» INFORMATION SHOWN:
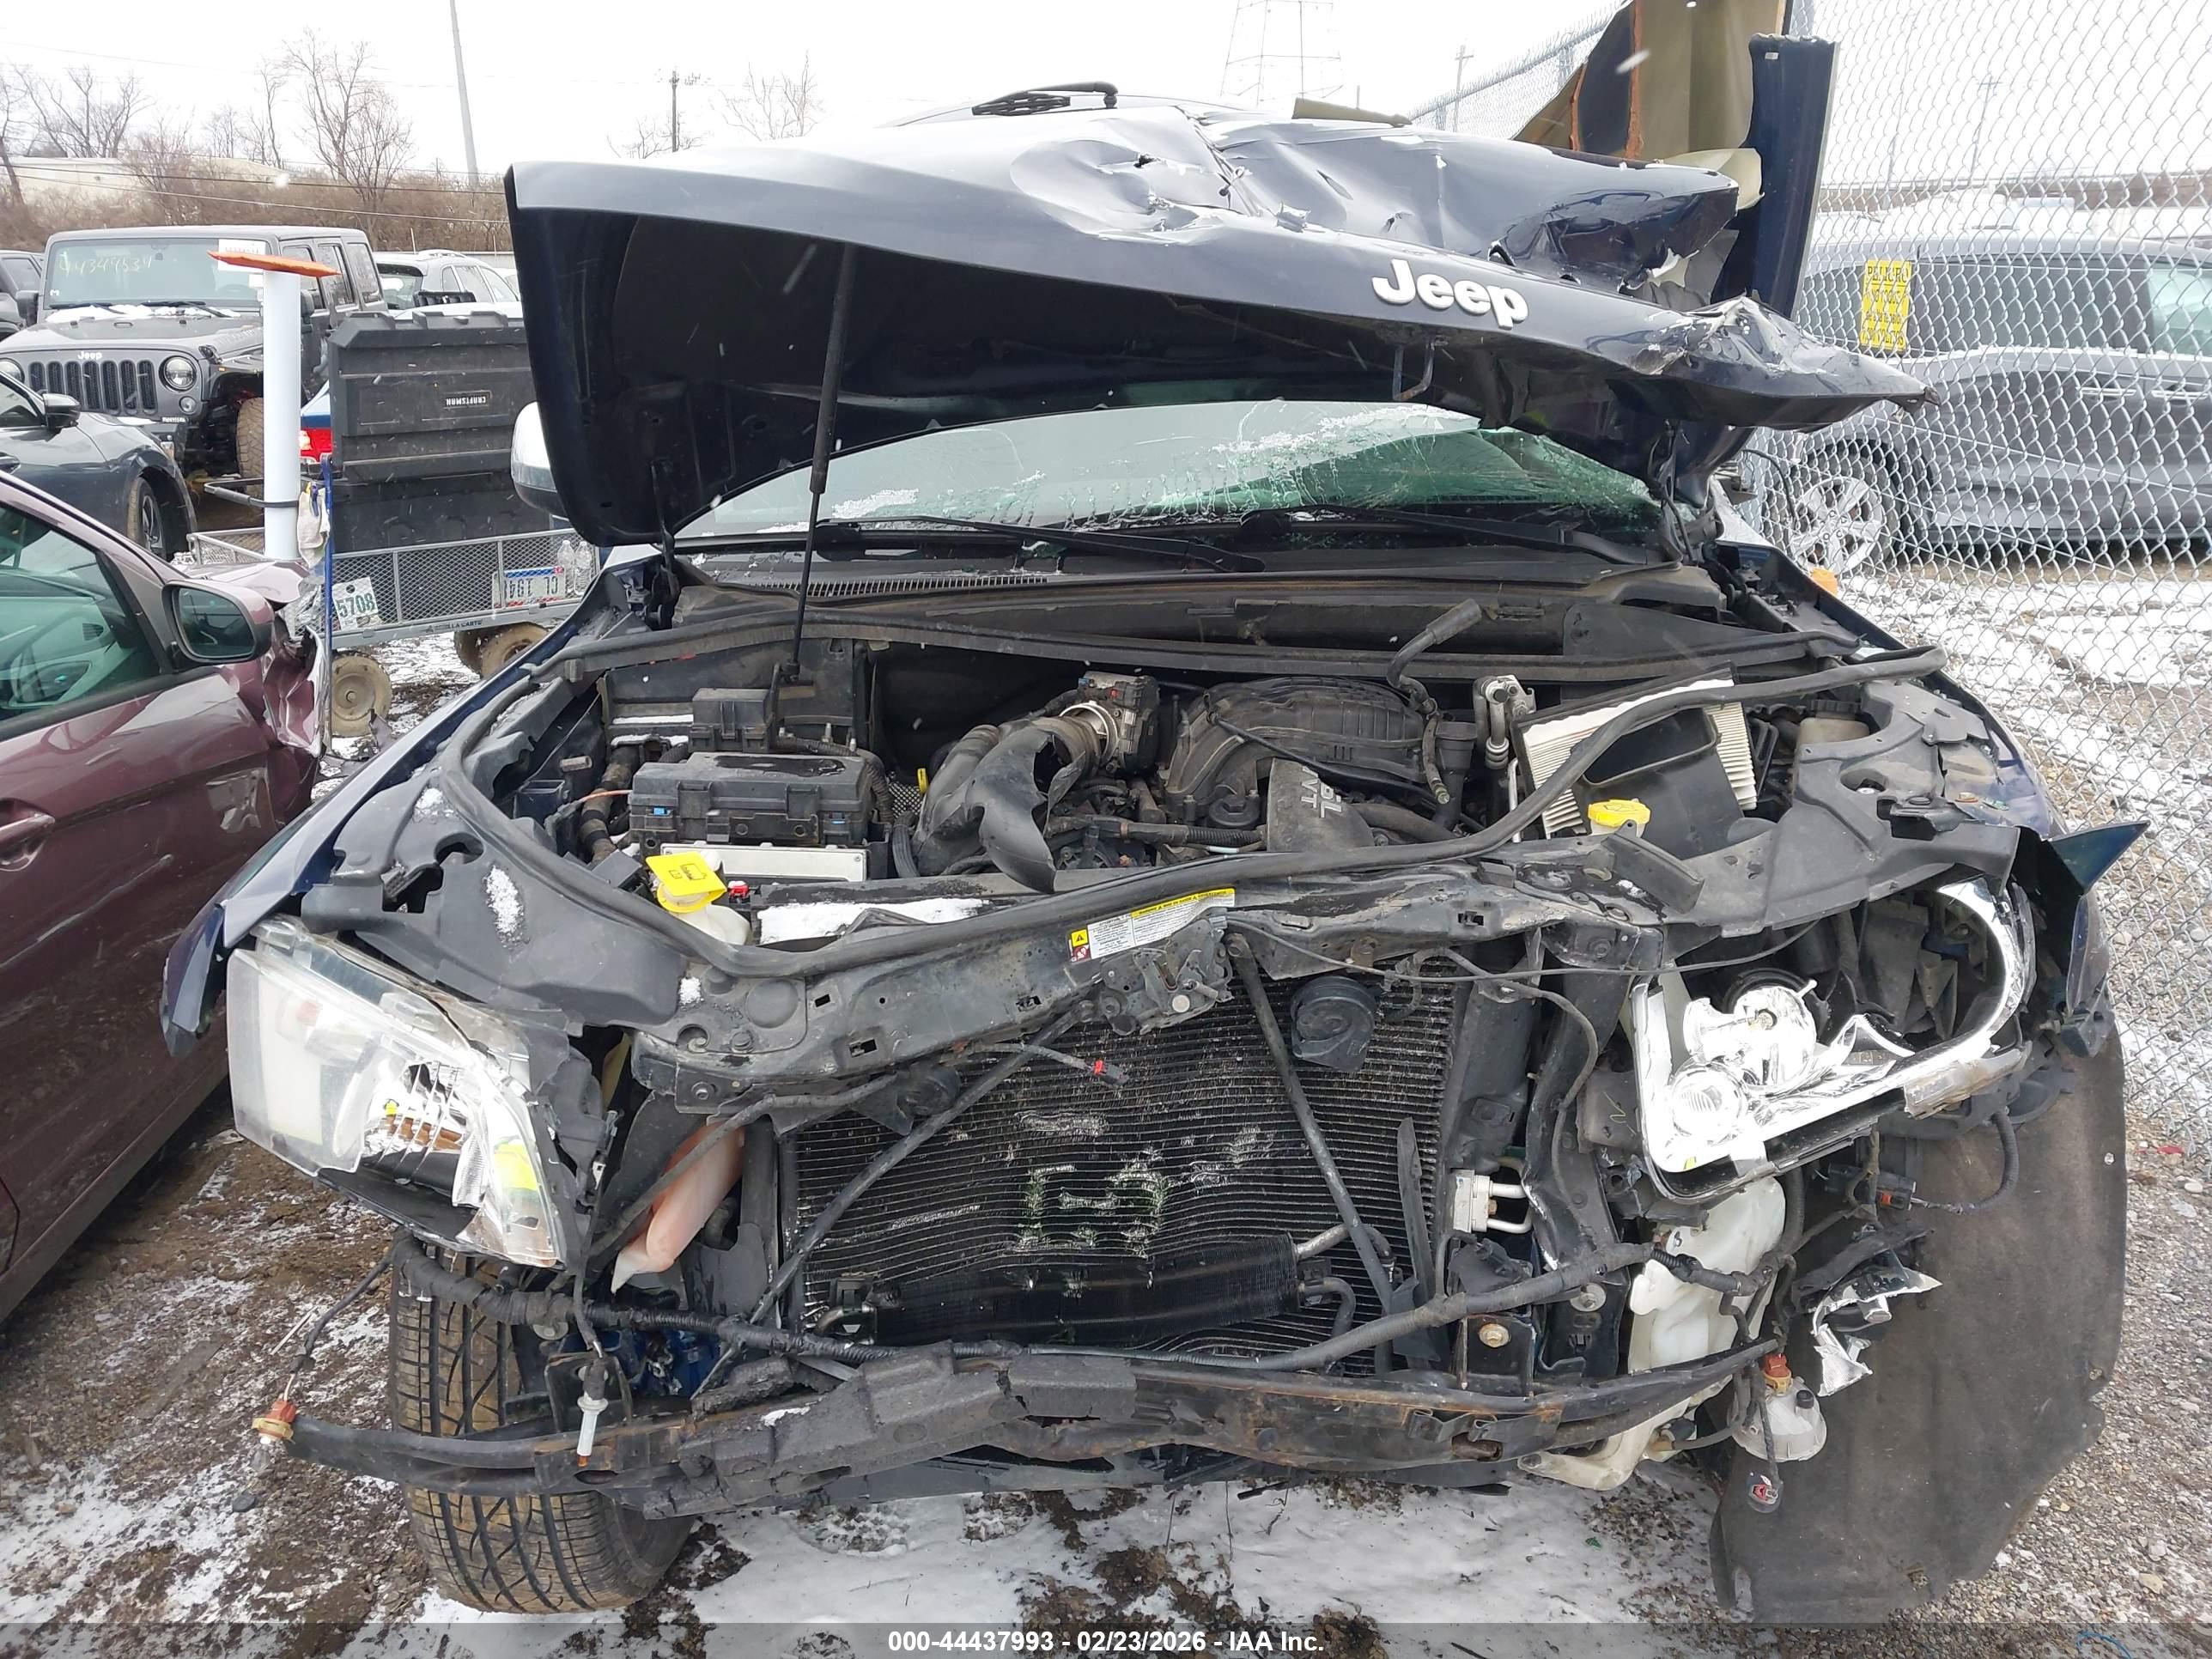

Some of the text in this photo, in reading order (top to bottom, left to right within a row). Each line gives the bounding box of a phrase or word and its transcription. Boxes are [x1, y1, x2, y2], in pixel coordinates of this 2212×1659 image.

[1371, 258, 1528, 331] Jeep
[77, 351, 102, 361] Jeep
[446, 396, 486, 406] CRAFTSMAN
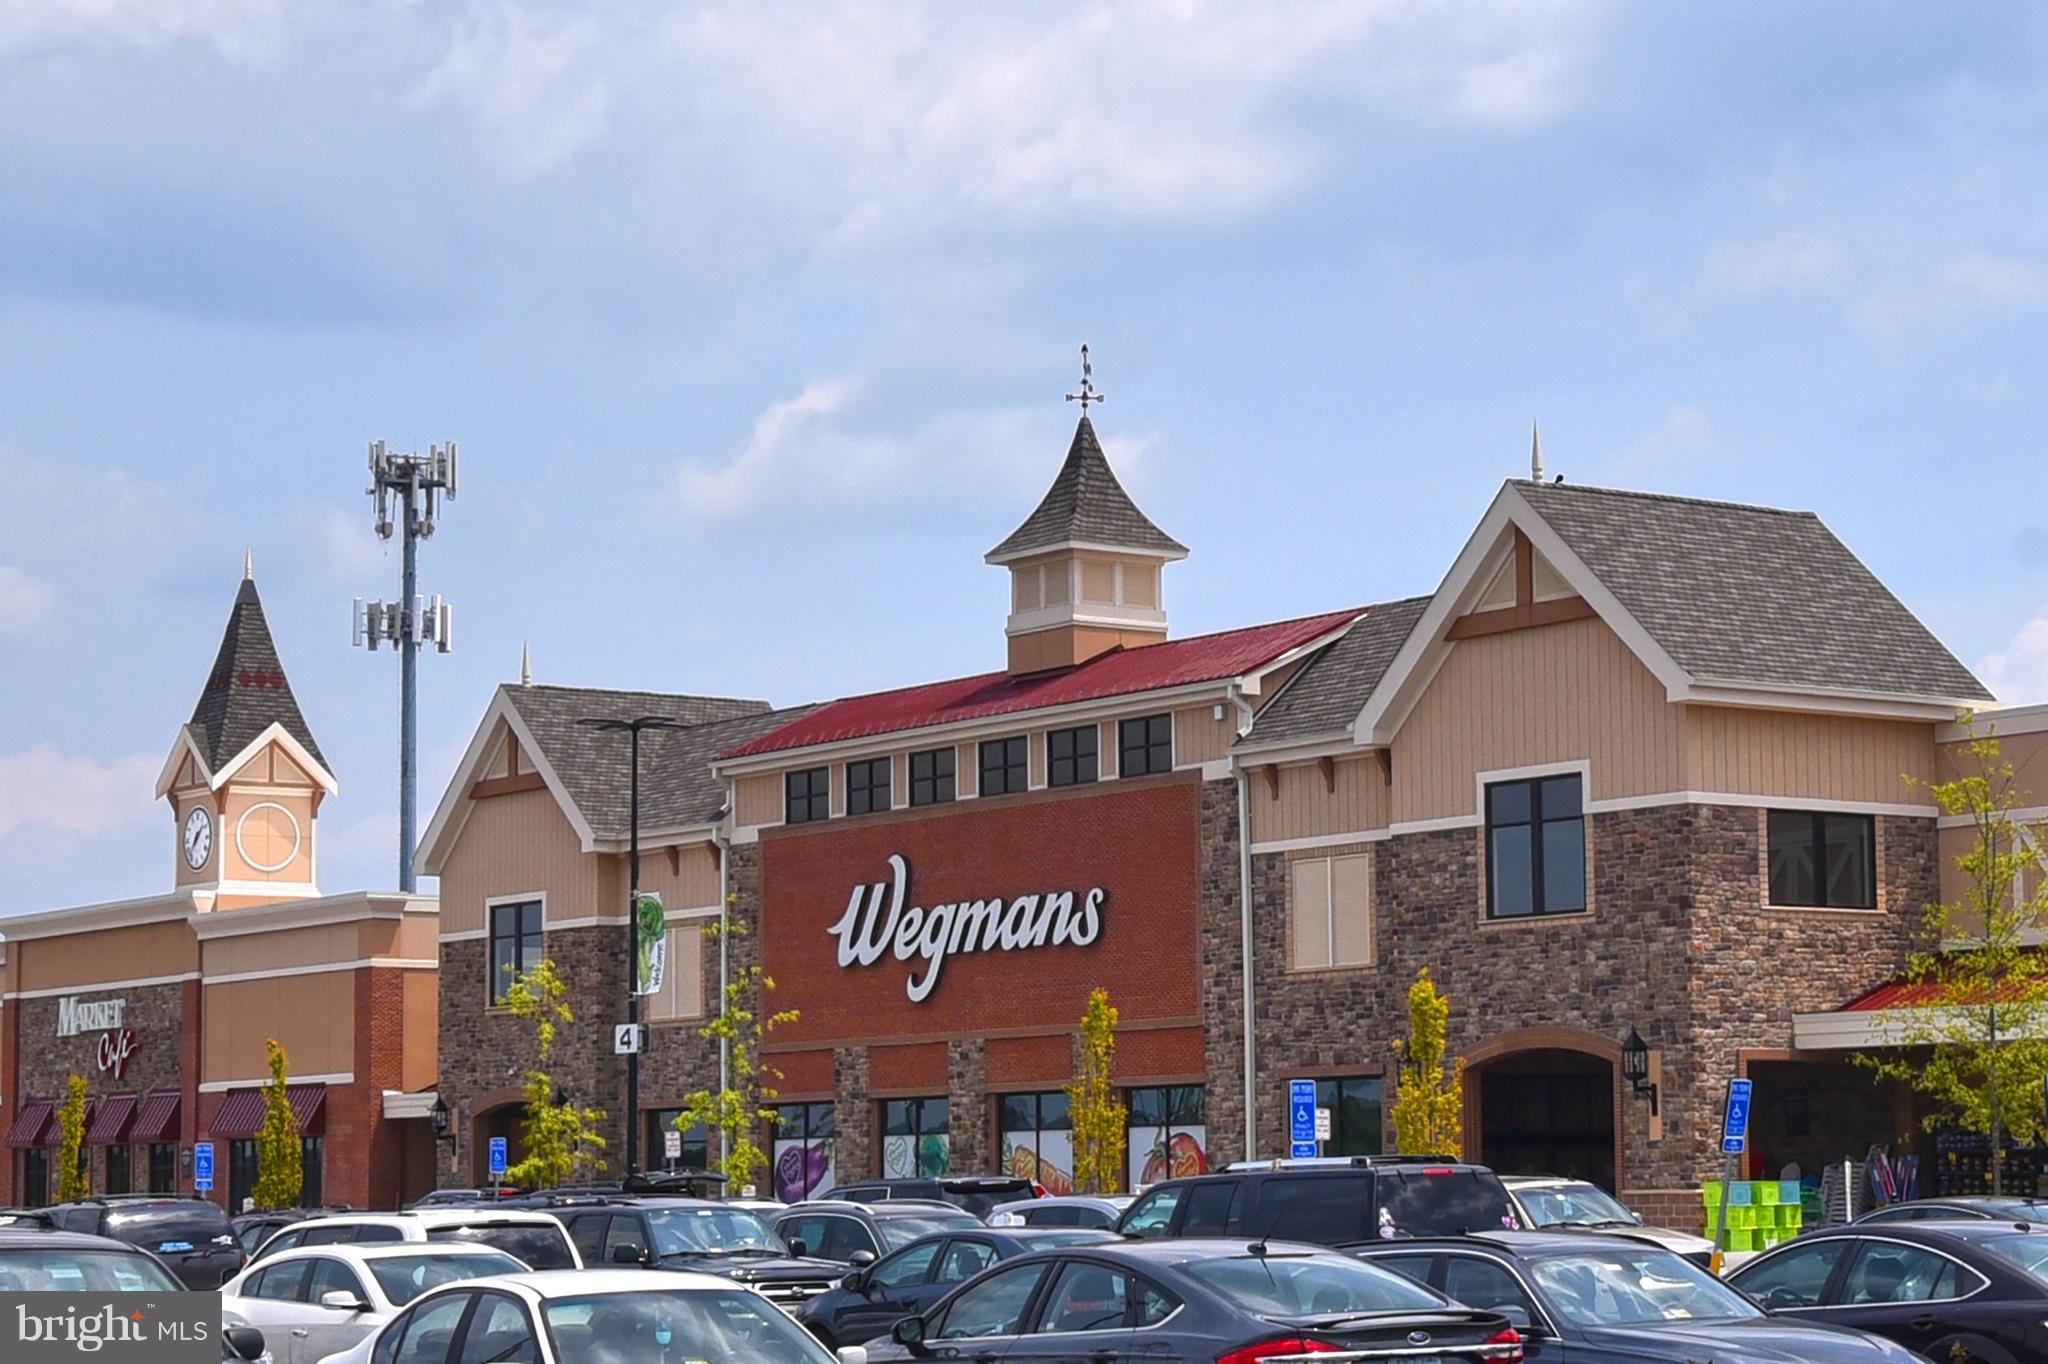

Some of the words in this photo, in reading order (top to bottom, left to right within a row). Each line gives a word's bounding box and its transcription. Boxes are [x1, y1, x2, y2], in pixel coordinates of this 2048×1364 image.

[826, 854, 1104, 1002] Wegmans
[56, 996, 126, 1037] MARKET
[619, 1027, 633, 1050] 4
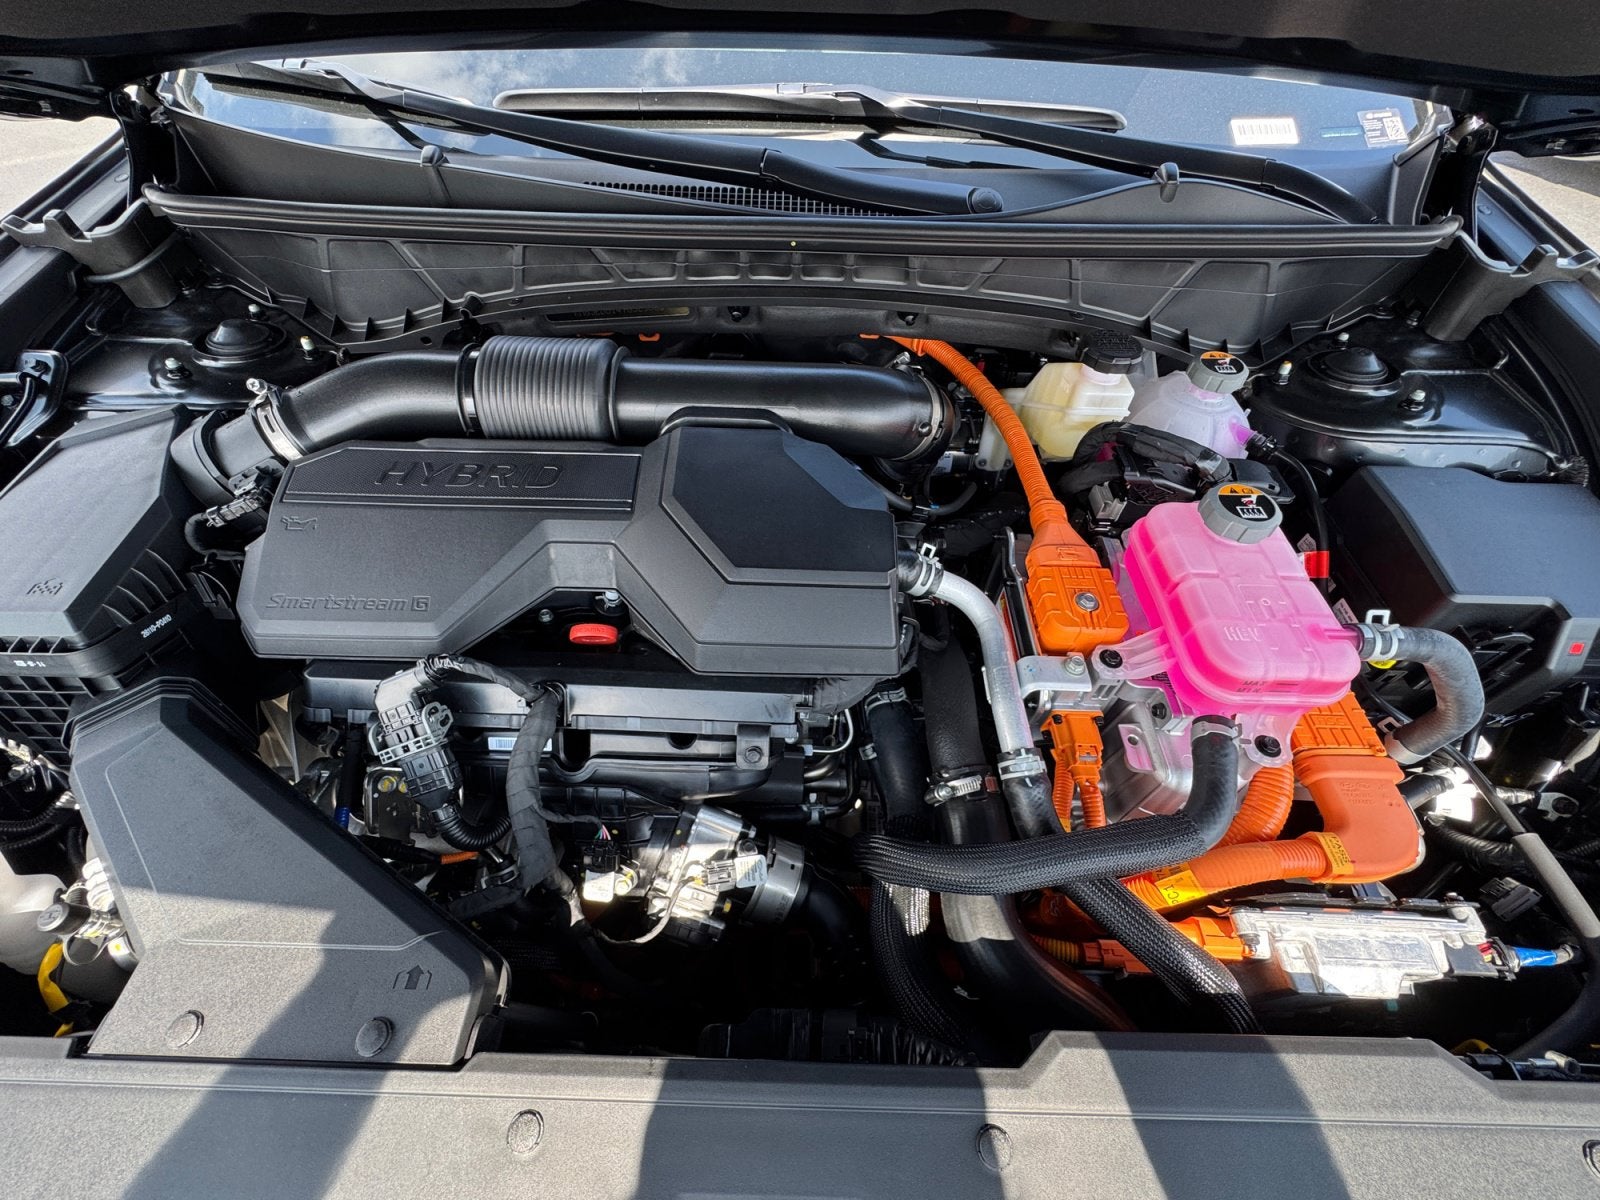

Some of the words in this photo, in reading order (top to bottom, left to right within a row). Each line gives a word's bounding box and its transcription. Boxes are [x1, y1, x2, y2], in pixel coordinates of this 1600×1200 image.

[374, 461, 564, 489] HYBRID
[265, 592, 409, 611] Smartstream
[411, 595, 431, 612] G
[1223, 626, 1262, 641] HEV

» EXERCISE OBJECTIVE: Every word of the material, and none of its pictures, should be set down again.

» WRITTEN RESPONSE:
Some of the text in this photo, in reading order (top to bottom, left to right within a row). Each line gives the bounding box of a phrase or word and its transcription. Boxes are [x1, y1, x2, y2], in pixel coordinates of this 2212×1659 image.

[1371, 258, 1528, 331] Jeep
[77, 351, 102, 361] Jeep
[446, 396, 486, 406] CRAFTSMAN

Some of the words in this photo, in reading order (top to bottom, left to right within a row). Each line gives a word's bounding box and its transcription. Boxes are [x1, y1, x2, y2], in pixel coordinates of this 2048×1364 image.

[826, 854, 1104, 1002] Wegmans
[56, 996, 126, 1037] MARKET
[619, 1027, 633, 1050] 4

Some of the words in this photo, in reading order (top to bottom, left to right within a row). Each line gives a word's bounding box and its transcription. Boxes are [x1, y1, x2, y2], in pixel coordinates of this 1600×1200 image.

[374, 461, 564, 489] HYBRID
[265, 592, 409, 611] Smartstream
[411, 595, 431, 612] G
[1223, 626, 1262, 641] HEV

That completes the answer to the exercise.